Em 25 de março de 2022 é editada a Medida Provisória nº 1.108, posteriormente convertida na Lei nº 14.442 de 2 de setembro 2022, que versa sobre a regulamentação do teletrabalho no Brasil. Na exposição de motivos, o objetivo da MP e da nova lei foi o de modernizar e oferecer maior clareza conceitual e segurança jurídica às relações trabalhistas regidas pela modalidade, em complemento às inovações já trazidas pela Reforma Trabalhista de 2017.

Elucida ainda que o teletrabalho foi adotado maciçamente durante a emergência de saúde pública causada pela Covid-19, como forma de manter o isolamento social dos trabalhadores. A ampla adoção dessa forma de trabalho, contudo, evidenciou a necessidade de se aprimorar a estrutura normativa do teletrabalho em alguns pontos.

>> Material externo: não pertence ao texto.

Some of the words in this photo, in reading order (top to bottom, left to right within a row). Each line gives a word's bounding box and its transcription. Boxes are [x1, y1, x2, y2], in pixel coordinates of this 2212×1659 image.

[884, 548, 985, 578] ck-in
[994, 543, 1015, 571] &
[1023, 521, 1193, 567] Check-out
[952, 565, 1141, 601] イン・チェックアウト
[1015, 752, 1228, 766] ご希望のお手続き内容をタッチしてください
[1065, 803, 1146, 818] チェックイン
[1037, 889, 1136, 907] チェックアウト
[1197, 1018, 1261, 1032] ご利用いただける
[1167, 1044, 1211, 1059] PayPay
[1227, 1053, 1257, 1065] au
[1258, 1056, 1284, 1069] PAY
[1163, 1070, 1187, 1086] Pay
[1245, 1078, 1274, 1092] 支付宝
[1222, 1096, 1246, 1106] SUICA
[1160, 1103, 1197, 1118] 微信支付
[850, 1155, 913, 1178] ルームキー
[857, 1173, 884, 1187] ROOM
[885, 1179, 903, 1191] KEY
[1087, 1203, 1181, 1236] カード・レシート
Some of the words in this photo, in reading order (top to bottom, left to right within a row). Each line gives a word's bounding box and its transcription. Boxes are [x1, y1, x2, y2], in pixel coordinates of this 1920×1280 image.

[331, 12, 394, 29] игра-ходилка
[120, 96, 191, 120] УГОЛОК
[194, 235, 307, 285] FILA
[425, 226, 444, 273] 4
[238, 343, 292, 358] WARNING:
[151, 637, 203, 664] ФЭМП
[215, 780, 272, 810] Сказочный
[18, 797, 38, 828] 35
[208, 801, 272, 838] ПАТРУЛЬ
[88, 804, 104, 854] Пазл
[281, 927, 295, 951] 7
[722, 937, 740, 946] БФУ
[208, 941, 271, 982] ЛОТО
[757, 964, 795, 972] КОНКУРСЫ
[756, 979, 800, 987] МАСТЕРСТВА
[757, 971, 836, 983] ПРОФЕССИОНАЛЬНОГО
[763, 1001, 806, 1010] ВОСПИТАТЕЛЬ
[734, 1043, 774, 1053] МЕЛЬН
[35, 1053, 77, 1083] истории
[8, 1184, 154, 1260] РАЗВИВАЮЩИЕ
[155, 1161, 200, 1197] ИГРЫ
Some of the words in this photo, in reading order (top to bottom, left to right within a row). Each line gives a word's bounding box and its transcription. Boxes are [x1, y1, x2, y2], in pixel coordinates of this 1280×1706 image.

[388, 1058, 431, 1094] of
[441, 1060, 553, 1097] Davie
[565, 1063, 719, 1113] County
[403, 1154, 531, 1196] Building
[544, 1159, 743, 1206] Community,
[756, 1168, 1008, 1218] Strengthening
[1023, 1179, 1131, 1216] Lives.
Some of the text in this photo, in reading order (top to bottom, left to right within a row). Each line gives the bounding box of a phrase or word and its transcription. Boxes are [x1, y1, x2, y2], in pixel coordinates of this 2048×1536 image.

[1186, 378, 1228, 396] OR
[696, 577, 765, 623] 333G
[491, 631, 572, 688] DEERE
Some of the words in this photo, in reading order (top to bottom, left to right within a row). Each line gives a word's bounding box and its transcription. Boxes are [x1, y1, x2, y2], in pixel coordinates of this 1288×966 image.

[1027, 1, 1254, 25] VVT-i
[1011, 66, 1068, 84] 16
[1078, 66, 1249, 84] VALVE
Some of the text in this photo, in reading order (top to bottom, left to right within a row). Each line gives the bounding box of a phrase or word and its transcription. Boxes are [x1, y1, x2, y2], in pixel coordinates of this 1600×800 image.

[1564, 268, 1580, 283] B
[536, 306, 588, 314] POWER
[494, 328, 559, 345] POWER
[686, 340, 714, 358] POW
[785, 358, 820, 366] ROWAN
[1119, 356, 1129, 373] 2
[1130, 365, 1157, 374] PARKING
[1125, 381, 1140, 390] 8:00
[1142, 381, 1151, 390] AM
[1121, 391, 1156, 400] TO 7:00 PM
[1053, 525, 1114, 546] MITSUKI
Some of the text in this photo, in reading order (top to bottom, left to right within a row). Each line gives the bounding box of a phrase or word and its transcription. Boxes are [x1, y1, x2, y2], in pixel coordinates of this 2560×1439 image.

Antes da Lei nº 14.442, o teletrabalho consistia na prestação de serviços preponderantemente fora das dependências do empregador, com utilização de tecnologias de informação e comunicação que, por sua natureza, não se constituíam como trabalho externo. Ela altera este art. 75-B da CLT para delimitar que o teletrabalho consiste na: prestação de serviços fora das dependências do empregador, de maneira preponderante ou não, com a utilização de tecnologias de informação e de comunicação, que, por sua natureza, não se configure como trabalho externo.

Ressalta que mesmo havendo o comparecimento presencial habitual do trabalhador em regime de teletrabalho, isso não descaracteriza o regime de trabalho. Novamente em sua exposição de motivos é explicado que a medida visou conferir segurança jurídica às partes da relação trabalhista, já que de acordo com eles já é admitida a execução de tarefas específicas presencialmente de forma habitual, para aqueles que estão no regime de teletrabalho.

O empregado submetido ao regime de teletrabalho poderá prestar serviços por jornada ou por produção ou tarefa. Houve preocupação também em diferenciar o regime de teletrabalho com a ocupação de operador de telemarketing ou de teleatendimento, delimitando que não existe equiparação entre eles.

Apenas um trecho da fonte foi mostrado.